[TASK DESCRIPTION]
From the listing below, extract each entry exactly as written, minus the images.

[TASK MATERIAL]
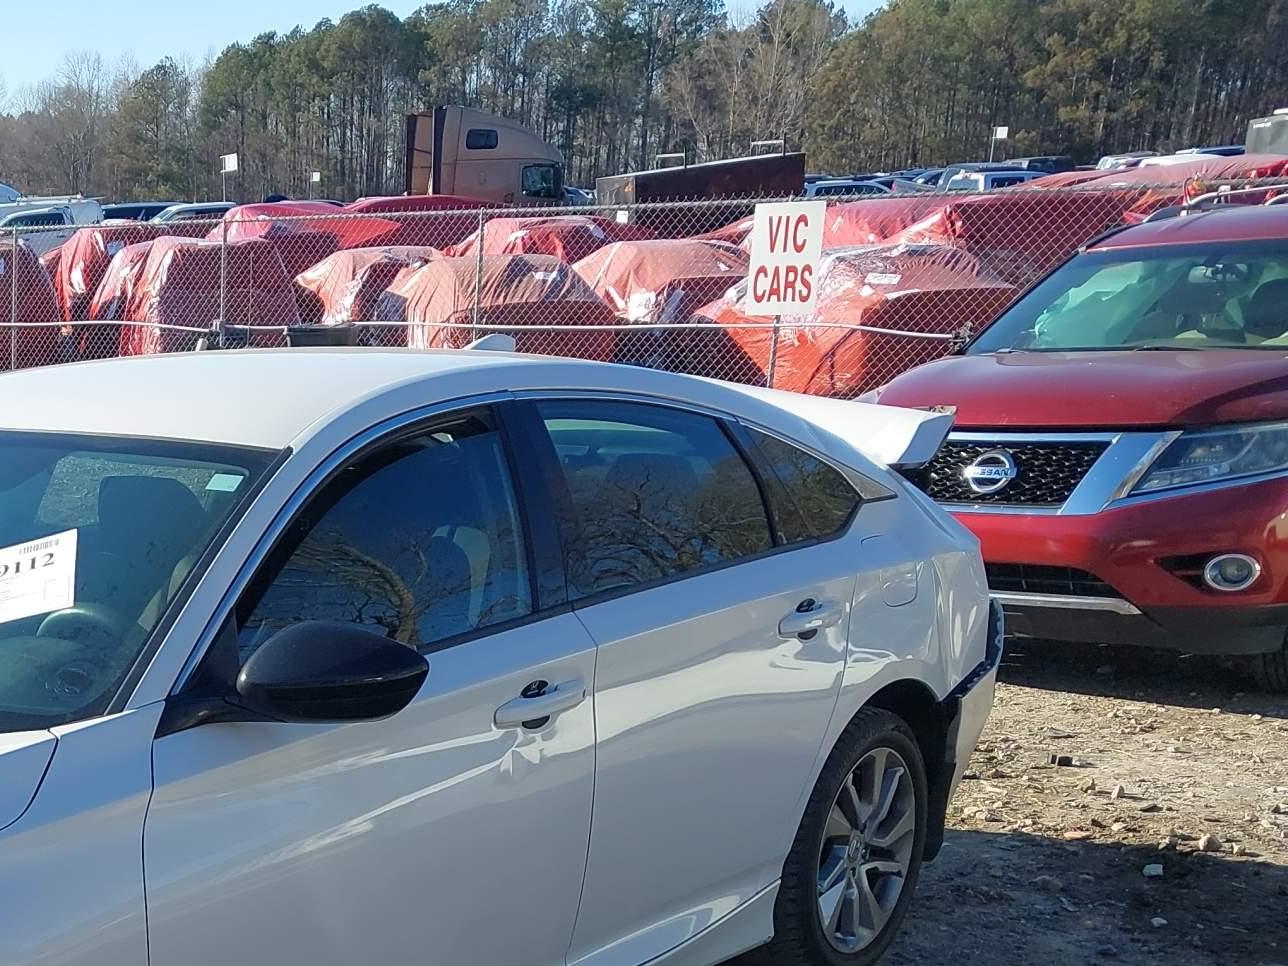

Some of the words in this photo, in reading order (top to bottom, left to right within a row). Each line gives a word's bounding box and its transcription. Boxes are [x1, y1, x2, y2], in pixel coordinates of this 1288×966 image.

[768, 213, 809, 254] VIC
[753, 263, 813, 304] CARS
[969, 467, 1010, 477] SSAN
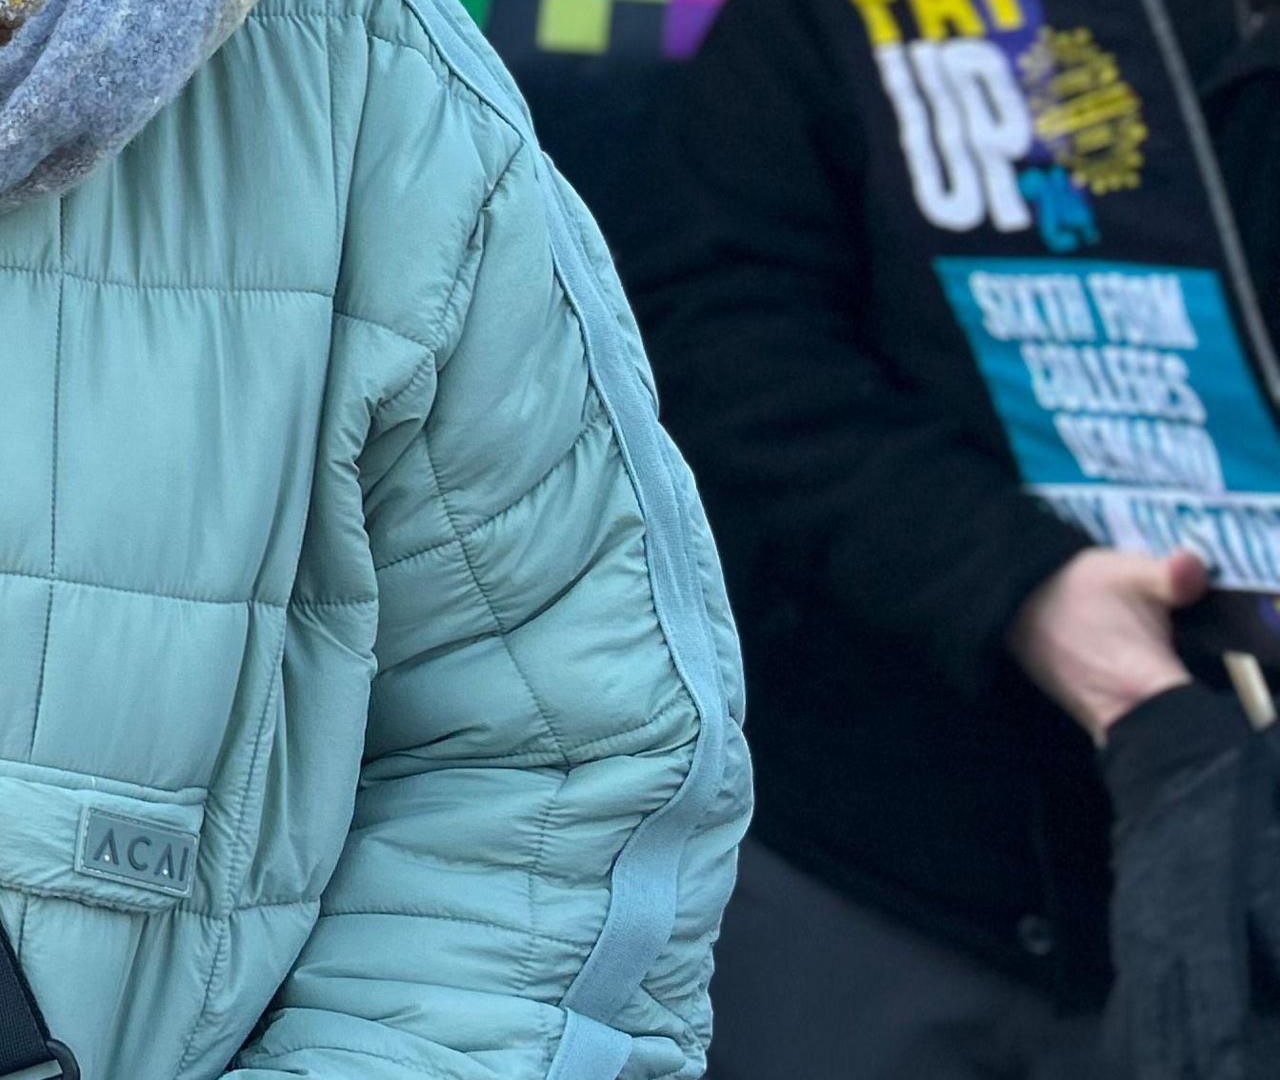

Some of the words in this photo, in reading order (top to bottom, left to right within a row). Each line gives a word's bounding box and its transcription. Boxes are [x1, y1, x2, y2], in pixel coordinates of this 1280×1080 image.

[TASK RESPONSE]
Some of the words in this photo, in reading order (top to bottom, left to right within a row). Each line gives a word's bounding box and its transcription. Boxes are [x1, y1, x2, y2], in pixel coordinates of this 1288×966 image.

[768, 213, 809, 254] VIC
[753, 263, 813, 304] CARS
[969, 467, 1010, 477] SSAN

Some of the words in this photo, in reading order (top to bottom, left to right within a row). Each line gives a word's bounding box and its transcription. Boxes are [x1, y1, x2, y2], in pixel coordinates of this 1280×1080 image.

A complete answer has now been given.